[Stored data]
= = = =

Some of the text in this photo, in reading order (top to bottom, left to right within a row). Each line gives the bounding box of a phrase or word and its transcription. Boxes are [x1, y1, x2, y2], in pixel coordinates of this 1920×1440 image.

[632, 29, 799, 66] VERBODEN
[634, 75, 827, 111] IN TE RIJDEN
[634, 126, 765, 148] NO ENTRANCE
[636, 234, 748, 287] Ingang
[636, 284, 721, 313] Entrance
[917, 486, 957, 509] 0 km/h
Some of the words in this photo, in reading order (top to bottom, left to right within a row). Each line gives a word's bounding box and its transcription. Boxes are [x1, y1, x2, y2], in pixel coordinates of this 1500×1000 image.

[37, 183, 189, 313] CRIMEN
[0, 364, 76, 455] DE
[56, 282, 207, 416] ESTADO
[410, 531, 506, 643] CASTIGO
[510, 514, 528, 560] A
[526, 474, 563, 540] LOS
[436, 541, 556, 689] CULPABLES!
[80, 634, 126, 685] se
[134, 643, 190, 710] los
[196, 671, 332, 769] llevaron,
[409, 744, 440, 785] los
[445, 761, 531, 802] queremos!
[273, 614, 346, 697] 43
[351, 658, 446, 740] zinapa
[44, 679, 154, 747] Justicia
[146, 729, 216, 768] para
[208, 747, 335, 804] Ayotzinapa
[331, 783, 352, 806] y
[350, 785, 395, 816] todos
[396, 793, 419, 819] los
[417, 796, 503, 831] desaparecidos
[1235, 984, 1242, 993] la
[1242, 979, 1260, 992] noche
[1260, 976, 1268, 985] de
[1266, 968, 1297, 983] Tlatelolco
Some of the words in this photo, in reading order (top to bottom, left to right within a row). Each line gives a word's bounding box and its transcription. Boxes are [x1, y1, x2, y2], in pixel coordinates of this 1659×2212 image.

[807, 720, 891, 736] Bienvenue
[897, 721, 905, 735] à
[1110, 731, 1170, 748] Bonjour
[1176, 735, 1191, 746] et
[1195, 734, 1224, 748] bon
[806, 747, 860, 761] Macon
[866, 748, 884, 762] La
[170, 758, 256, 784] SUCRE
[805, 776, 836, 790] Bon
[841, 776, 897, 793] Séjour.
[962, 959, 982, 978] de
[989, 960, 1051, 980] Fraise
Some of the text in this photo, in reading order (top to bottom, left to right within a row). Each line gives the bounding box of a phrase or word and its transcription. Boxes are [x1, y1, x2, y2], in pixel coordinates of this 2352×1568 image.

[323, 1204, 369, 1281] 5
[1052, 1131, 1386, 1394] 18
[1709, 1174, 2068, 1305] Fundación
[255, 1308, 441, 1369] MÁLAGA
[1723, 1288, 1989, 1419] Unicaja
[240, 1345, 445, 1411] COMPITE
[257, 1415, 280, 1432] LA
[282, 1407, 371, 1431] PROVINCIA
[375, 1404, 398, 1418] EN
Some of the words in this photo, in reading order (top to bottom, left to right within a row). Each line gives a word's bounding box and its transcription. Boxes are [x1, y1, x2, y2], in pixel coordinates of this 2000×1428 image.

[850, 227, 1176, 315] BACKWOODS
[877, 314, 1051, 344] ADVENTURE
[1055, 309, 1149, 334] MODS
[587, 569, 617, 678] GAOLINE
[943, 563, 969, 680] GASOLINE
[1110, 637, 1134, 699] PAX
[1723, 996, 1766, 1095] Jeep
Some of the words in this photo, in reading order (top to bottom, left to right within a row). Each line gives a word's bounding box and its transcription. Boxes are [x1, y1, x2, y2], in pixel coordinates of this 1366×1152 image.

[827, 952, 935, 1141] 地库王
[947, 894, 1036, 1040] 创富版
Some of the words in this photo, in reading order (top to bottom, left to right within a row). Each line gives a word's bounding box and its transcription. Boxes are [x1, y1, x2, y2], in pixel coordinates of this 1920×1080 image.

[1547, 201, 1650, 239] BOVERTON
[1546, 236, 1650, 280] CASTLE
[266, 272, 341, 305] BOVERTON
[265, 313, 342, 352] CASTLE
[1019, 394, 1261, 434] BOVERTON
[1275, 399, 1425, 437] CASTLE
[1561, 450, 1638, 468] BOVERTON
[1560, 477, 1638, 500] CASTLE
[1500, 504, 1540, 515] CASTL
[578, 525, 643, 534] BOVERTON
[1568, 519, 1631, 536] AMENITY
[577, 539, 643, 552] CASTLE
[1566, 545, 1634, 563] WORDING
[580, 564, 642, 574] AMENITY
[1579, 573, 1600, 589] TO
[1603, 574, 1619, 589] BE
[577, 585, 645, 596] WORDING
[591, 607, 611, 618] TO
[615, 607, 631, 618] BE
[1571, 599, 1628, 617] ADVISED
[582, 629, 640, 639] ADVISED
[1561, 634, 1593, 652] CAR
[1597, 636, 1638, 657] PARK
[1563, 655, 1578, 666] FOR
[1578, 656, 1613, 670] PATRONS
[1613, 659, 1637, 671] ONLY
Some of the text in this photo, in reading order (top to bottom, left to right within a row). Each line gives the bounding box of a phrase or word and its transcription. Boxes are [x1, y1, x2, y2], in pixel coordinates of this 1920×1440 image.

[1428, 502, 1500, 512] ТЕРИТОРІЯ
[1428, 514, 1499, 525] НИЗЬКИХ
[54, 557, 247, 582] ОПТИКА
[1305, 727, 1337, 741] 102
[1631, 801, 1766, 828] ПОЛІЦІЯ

= = = =

Task to complete — Please print all the data again exactly as given.

Written reply —
Some of the text in this photo, in reading order (top to bottom, left to right within a row). Each line gives the bounding box of a phrase or word and its transcription. Boxes are [x1, y1, x2, y2], in pixel coordinates of this 1920×1440 image.

[632, 29, 799, 66] VERBODEN
[634, 75, 827, 111] IN TE RIJDEN
[634, 126, 765, 148] NO ENTRANCE
[636, 234, 748, 287] Ingang
[636, 284, 721, 313] Entrance
[917, 486, 957, 509] 0 km/h
Some of the words in this photo, in reading order (top to bottom, left to right within a row). Each line gives a word's bounding box and its transcription. Boxes are [x1, y1, x2, y2], in pixel coordinates of this 1500×1000 image.

[37, 183, 189, 313] CRIMEN
[0, 364, 76, 455] DE
[56, 282, 207, 416] ESTADO
[410, 531, 506, 643] CASTIGO
[510, 514, 528, 560] A
[526, 474, 563, 540] LOS
[436, 541, 556, 689] CULPABLES!
[80, 634, 126, 685] se
[134, 643, 190, 710] los
[196, 671, 332, 769] llevaron,
[409, 744, 440, 785] los
[445, 761, 531, 802] queremos!
[273, 614, 346, 697] 43
[351, 658, 446, 740] zinapa
[44, 679, 154, 747] Justicia
[146, 729, 216, 768] para
[208, 747, 335, 804] Ayotzinapa
[331, 783, 352, 806] y
[350, 785, 395, 816] todos
[396, 793, 419, 819] los
[417, 796, 503, 831] desaparecidos
[1235, 984, 1242, 993] la
[1242, 979, 1260, 992] noche
[1260, 976, 1268, 985] de
[1266, 968, 1297, 983] Tlatelolco
Some of the words in this photo, in reading order (top to bottom, left to right within a row). Each line gives a word's bounding box and its transcription. Boxes are [x1, y1, x2, y2], in pixel coordinates of this 1659×2212 image.

[807, 720, 891, 736] Bienvenue
[897, 721, 905, 735] à
[1110, 731, 1170, 748] Bonjour
[1176, 735, 1191, 746] et
[1195, 734, 1224, 748] bon
[806, 747, 860, 761] Macon
[866, 748, 884, 762] La
[170, 758, 256, 784] SUCRE
[805, 776, 836, 790] Bon
[841, 776, 897, 793] Séjour.
[962, 959, 982, 978] de
[989, 960, 1051, 980] Fraise
Some of the text in this photo, in reading order (top to bottom, left to right within a row). Each line gives the bounding box of a phrase or word and its transcription. Boxes are [x1, y1, x2, y2], in pixel coordinates of this 2352×1568 image.

[323, 1204, 369, 1281] 5
[1052, 1131, 1386, 1394] 18
[1709, 1174, 2068, 1305] Fundación
[255, 1308, 441, 1369] MÁLAGA
[1723, 1288, 1989, 1419] Unicaja
[240, 1345, 445, 1411] COMPITE
[257, 1415, 280, 1432] LA
[282, 1407, 371, 1431] PROVINCIA
[375, 1404, 398, 1418] EN
Some of the words in this photo, in reading order (top to bottom, left to right within a row). Each line gives a word's bounding box and its transcription. Boxes are [x1, y1, x2, y2], in pixel coordinates of this 2000×1428 image.

[850, 227, 1176, 315] BACKWOODS
[877, 314, 1051, 344] ADVENTURE
[1055, 309, 1149, 334] MODS
[587, 569, 617, 678] GAOLINE
[943, 563, 969, 680] GASOLINE
[1110, 637, 1134, 699] PAX
[1723, 996, 1766, 1095] Jeep
Some of the words in this photo, in reading order (top to bottom, left to right within a row). Each line gives a word's bounding box and its transcription. Boxes are [x1, y1, x2, y2], in pixel coordinates of this 1366×1152 image.

[827, 952, 935, 1141] 地库王
[947, 894, 1036, 1040] 创富版
Some of the words in this photo, in reading order (top to bottom, left to right within a row). Each line gives a word's bounding box and its transcription. Boxes are [x1, y1, x2, y2], in pixel coordinates of this 1920×1080 image.

[1547, 201, 1650, 239] BOVERTON
[1546, 236, 1650, 280] CASTLE
[266, 272, 341, 305] BOVERTON
[265, 313, 342, 352] CASTLE
[1019, 394, 1261, 434] BOVERTON
[1275, 399, 1425, 437] CASTLE
[1561, 450, 1638, 468] BOVERTON
[1560, 477, 1638, 500] CASTLE
[1500, 504, 1540, 515] CASTL
[578, 525, 643, 534] BOVERTON
[1568, 519, 1631, 536] AMENITY
[577, 539, 643, 552] CASTLE
[1566, 545, 1634, 563] WORDING
[580, 564, 642, 574] AMENITY
[1579, 573, 1600, 589] TO
[1603, 574, 1619, 589] BE
[577, 585, 645, 596] WORDING
[591, 607, 611, 618] TO
[615, 607, 631, 618] BE
[1571, 599, 1628, 617] ADVISED
[582, 629, 640, 639] ADVISED
[1561, 634, 1593, 652] CAR
[1597, 636, 1638, 657] PARK
[1563, 655, 1578, 666] FOR
[1578, 656, 1613, 670] PATRONS
[1613, 659, 1637, 671] ONLY
Some of the text in this photo, in reading order (top to bottom, left to right within a row). Each line gives the bounding box of a phrase or word and its transcription. Boxes are [x1, y1, x2, y2], in pixel coordinates of this 1920×1440 image.

[1428, 502, 1500, 512] ТЕРИТОРІЯ
[1428, 514, 1499, 525] НИЗЬКИХ
[54, 557, 247, 582] ОПТИКА
[1305, 727, 1337, 741] 102
[1631, 801, 1766, 828] ПОЛІЦІЯ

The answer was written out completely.